■ **DATA TO EXAMINE**
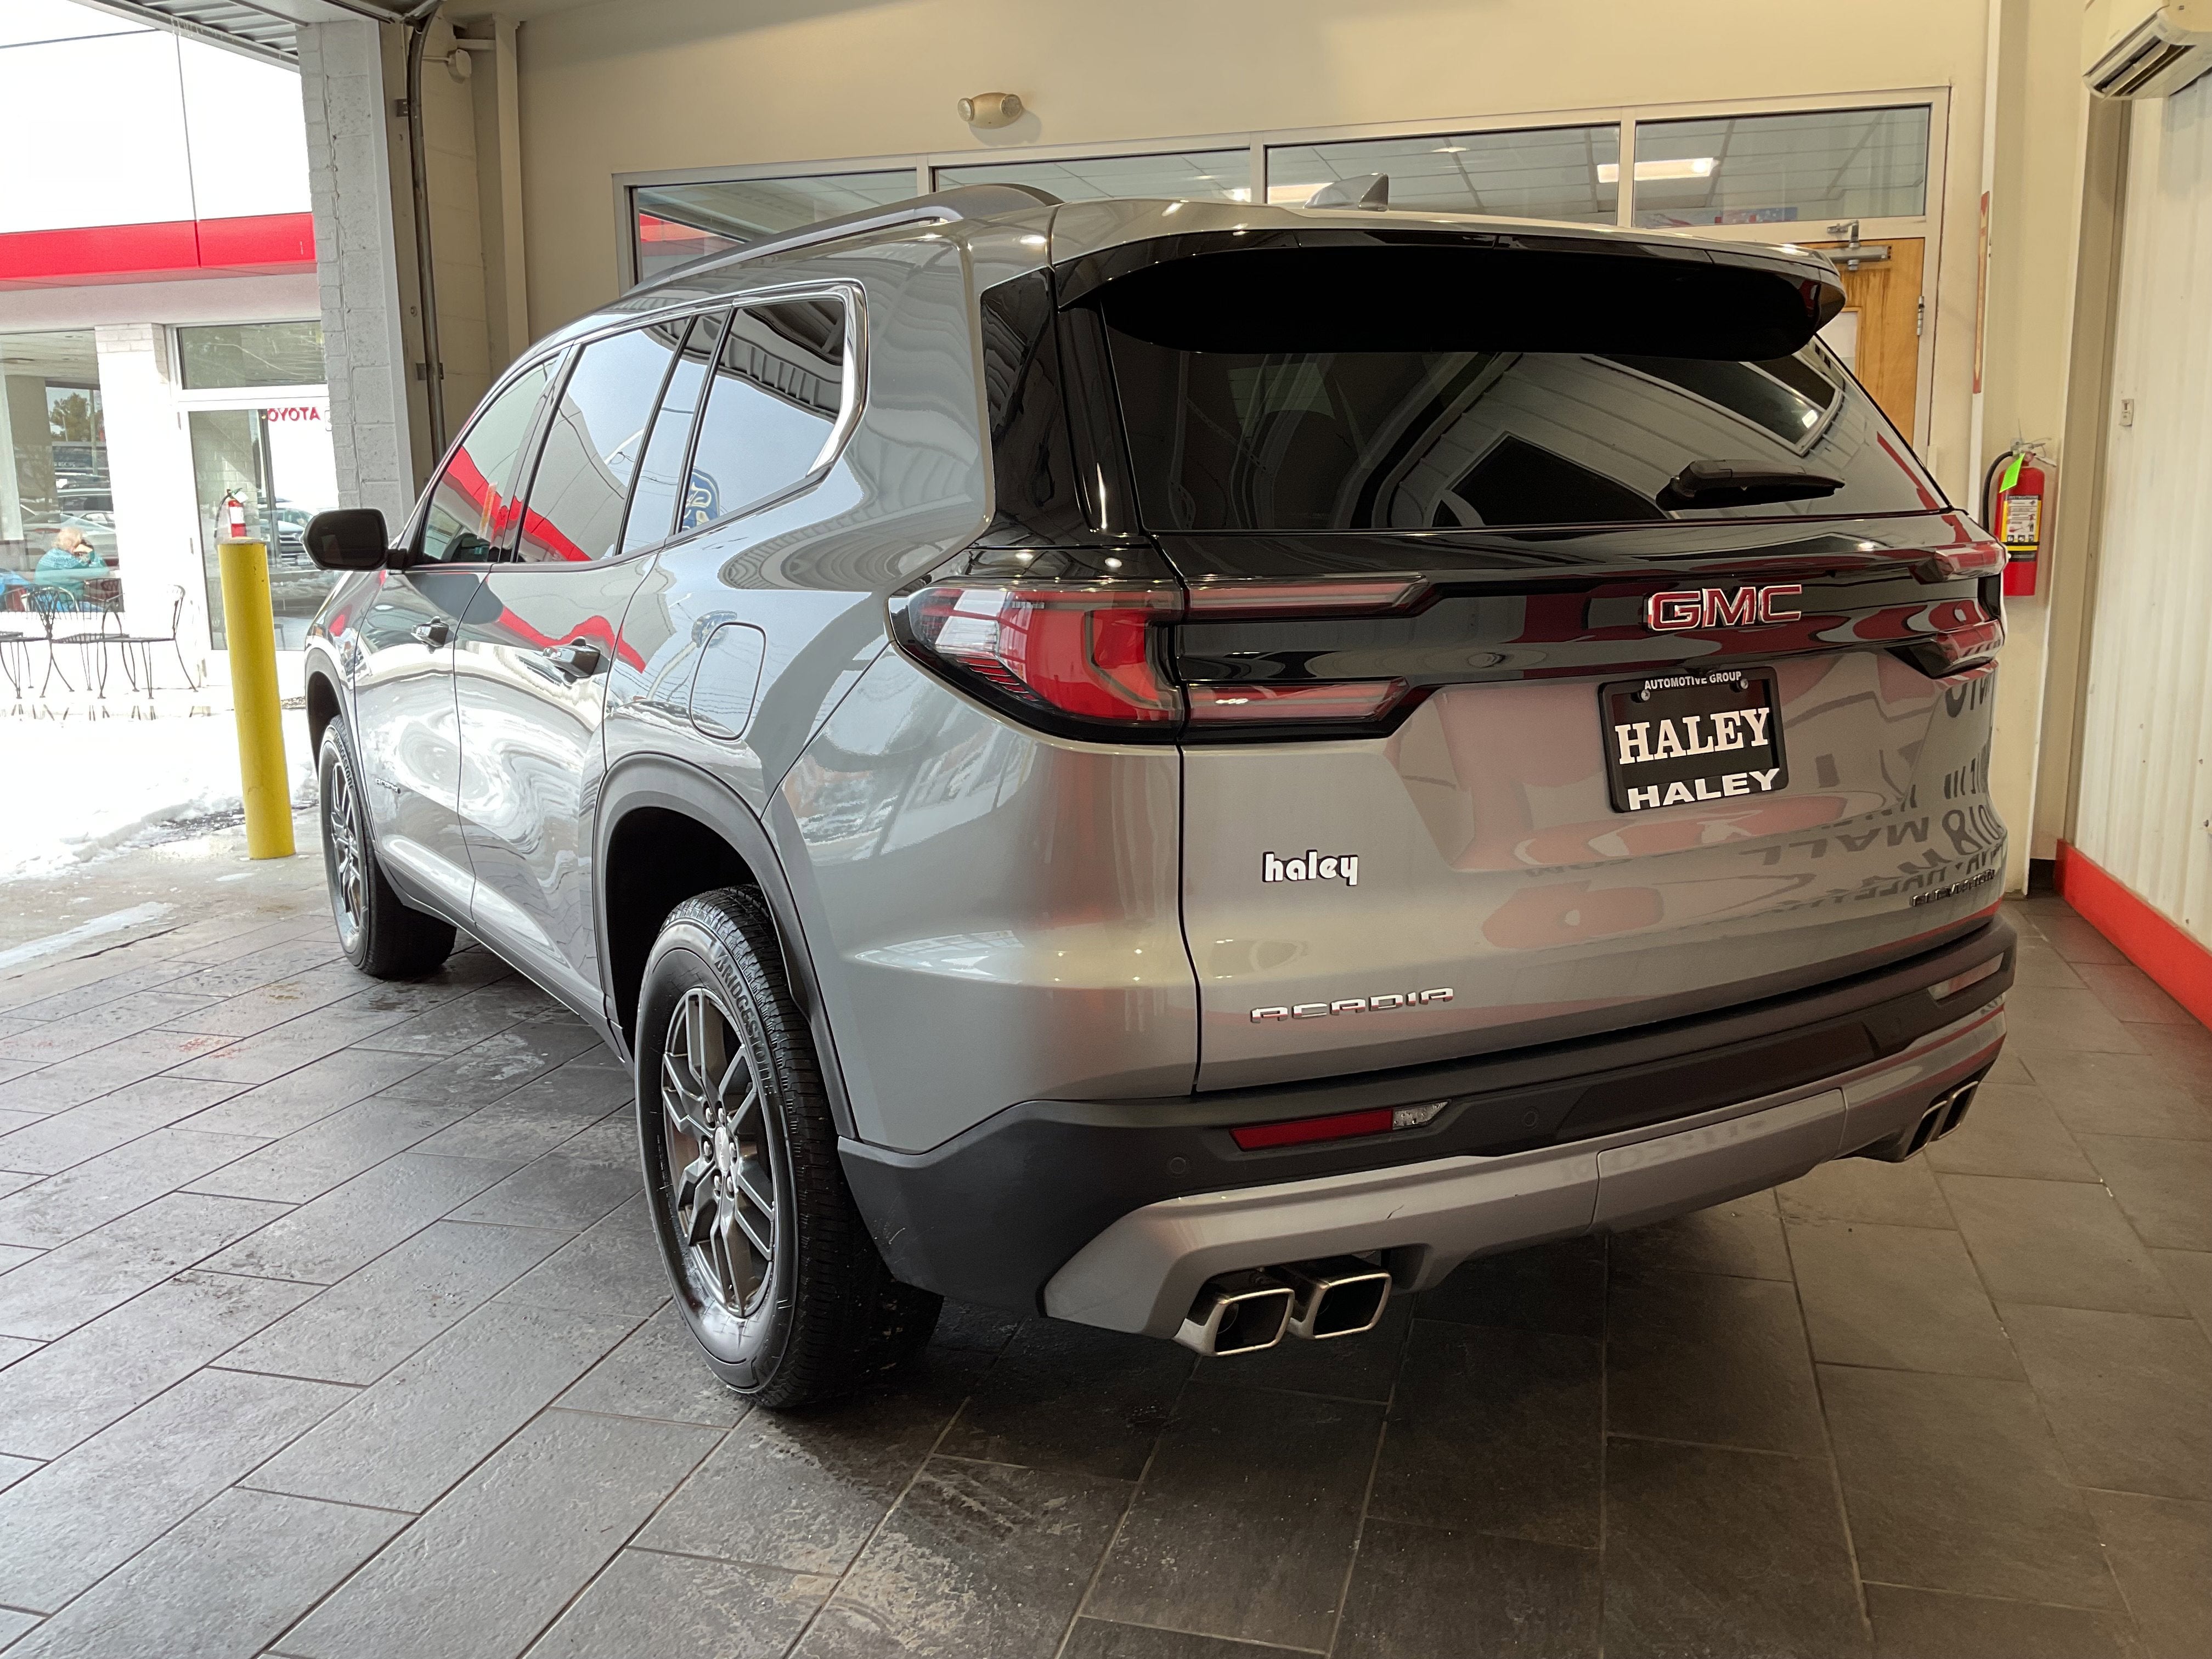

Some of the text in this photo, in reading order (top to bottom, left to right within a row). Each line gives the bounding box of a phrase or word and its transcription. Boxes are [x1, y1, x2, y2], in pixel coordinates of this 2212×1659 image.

[267, 407, 321, 422] OYOTA
[1647, 584, 1802, 631] GMC
[1644, 671, 1742, 690] AUTOMOTIVE GROUP
[1615, 707, 1770, 765] HALEY
[1627, 768, 1780, 811] HALEY
[1262, 849, 1359, 887] haley
[714, 952, 778, 1094] BRIDGESTONE
[1250, 987, 1454, 1024] ACADIA

■ **AIM OF THE EXERCISE**
Copy every record exactly, leaving the pictures out.

■ **OUTPUT**
Some of the text in this photo, in reading order (top to bottom, left to right within a row). Each line gives the bounding box of a phrase or word and its transcription. Boxes are [x1, y1, x2, y2], in pixel coordinates of this 2212×1659 image.

[267, 407, 321, 422] OYOTA
[1647, 584, 1802, 631] GMC
[1644, 671, 1742, 690] AUTOMOTIVE GROUP
[1615, 707, 1770, 765] HALEY
[1627, 768, 1780, 811] HALEY
[1262, 849, 1359, 887] haley
[714, 952, 778, 1094] BRIDGESTONE
[1250, 987, 1454, 1024] ACADIA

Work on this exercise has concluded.